Figure 6.

Effect of Aβo and complement activation on Pg-induced microglial inflammatory responses. (A, B) Aβo on Pg-induced cytokine production and complement activation. Primary microglia were treated with Aβo (0.1, 1 or 10 µM), Pg (MOI=50), or co-stimulated with Aβo and Pg for 24 h (A), or pretreated with Aβo for 6 h followed by Pg stimulation for 24 h (B). Relative gene expression of IL-1β, IL-6, TNF-α, C1qa, and C3 was analyzed by RT-qPCR. (C) C1 inhibition on Pg-induced inflammatory gene expression by microglia.
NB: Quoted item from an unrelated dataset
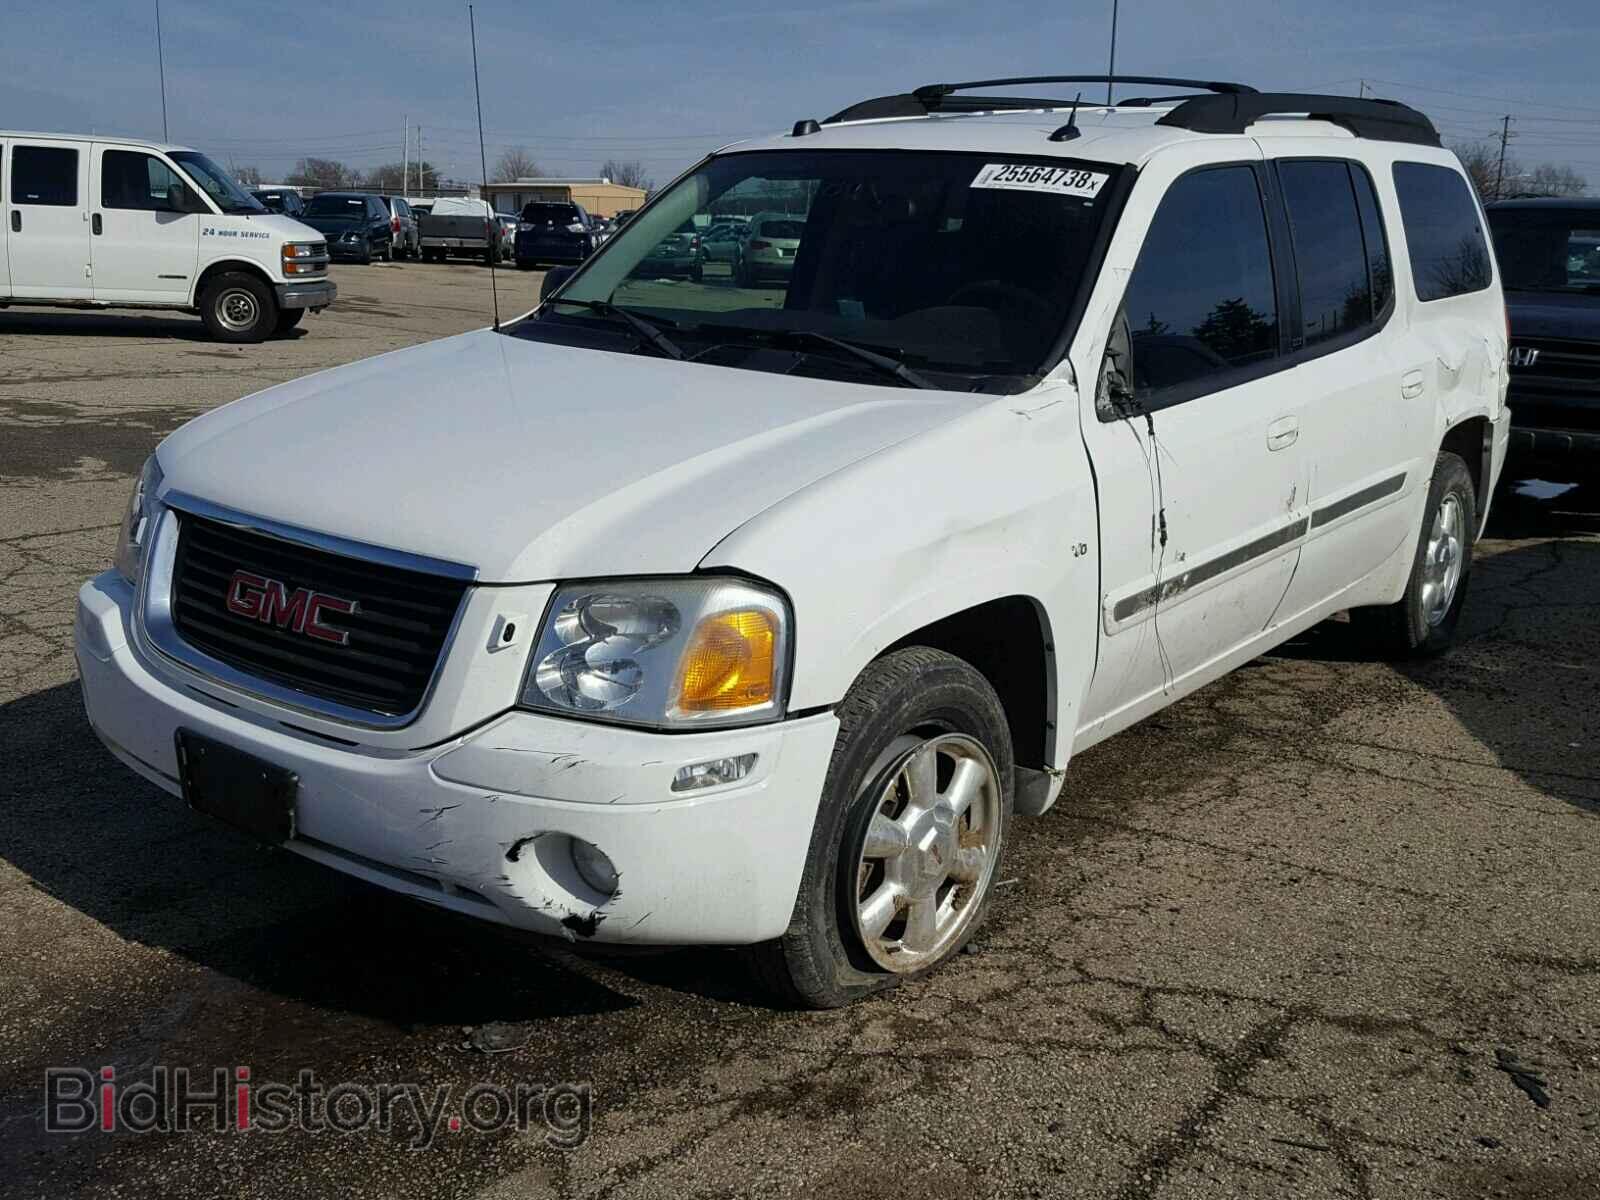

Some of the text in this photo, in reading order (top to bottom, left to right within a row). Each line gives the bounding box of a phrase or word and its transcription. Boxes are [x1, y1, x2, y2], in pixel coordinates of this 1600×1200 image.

[202, 228, 215, 236] 24
[240, 231, 270, 239] SERVICE
[227, 569, 359, 646] GMC
Primary microglia were untreated or pretreated with C1-INH for 4 h, and then treated with Aβo (10 µM) for 6 h followed by Pg (MOI=50) for 24 h. Relative gene expression of C1qa, C3, IL-1β, IL-6, and TNF-α in microglia were analyzed by RT-PCR. (D) Effect of C1qa depletion on Pg-induced cytokine gene expression by microglia. Primary microglia cells expressing scramble or C1qa shRNA vectors were treated with Pg (MOI=50) for 24 h. Relative gene expression of IL-1β, IL-6, TNF-α in microglia were analyzed by RT-PCR. Expression of C1qa mRNA (E) and protein (F) in primary microglia verified by RT-PCR and Western blot. Samples were run in duplicates. Data are expressed as mean ± SEM of three independent experiments; *P < 0.05, **P < 0.01, ***P < 0.001, ****P < 0.0001 by one-way ANOVA followed with Tukey correction.